Task goal
Copy every line of the data in which the word "them" occurs.
------------------------------
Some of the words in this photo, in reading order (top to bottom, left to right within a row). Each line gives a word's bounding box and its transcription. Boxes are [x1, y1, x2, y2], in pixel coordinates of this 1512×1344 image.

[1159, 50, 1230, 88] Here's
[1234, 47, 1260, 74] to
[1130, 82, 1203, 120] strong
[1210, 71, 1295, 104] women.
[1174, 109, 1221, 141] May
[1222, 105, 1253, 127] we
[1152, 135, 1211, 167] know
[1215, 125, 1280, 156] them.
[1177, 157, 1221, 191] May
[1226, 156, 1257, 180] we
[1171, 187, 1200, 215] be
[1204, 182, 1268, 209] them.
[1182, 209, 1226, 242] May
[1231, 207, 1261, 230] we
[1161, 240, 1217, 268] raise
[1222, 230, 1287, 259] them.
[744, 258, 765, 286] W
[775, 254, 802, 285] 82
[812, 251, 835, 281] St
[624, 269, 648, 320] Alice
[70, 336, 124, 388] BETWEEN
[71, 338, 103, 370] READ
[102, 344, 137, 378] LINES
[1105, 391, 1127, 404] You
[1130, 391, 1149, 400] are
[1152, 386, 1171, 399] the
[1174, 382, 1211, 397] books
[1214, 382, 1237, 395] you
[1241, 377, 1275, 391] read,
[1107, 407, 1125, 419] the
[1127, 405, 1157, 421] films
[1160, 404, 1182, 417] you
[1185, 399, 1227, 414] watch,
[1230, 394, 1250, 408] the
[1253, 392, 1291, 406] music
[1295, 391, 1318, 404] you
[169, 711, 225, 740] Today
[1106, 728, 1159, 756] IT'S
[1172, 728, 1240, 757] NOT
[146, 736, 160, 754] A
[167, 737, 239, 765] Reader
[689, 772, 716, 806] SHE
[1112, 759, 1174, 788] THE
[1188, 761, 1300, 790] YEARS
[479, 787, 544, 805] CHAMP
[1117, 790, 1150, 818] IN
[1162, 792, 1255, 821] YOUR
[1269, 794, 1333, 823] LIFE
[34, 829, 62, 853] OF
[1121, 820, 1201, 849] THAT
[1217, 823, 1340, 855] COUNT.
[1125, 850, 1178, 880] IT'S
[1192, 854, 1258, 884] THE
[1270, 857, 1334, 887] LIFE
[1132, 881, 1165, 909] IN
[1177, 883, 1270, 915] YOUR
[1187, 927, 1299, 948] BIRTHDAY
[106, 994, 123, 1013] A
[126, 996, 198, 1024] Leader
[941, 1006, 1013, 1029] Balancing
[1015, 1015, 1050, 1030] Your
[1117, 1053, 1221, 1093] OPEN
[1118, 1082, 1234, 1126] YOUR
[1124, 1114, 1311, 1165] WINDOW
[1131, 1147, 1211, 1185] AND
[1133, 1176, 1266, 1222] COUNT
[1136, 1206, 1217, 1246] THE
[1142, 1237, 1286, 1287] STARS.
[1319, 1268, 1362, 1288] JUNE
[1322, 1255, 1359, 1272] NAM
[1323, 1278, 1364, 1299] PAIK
------------------------------
Answer box
[1215, 125, 1280, 156] them.
[1204, 182, 1268, 209] them.
[1222, 230, 1287, 259] them.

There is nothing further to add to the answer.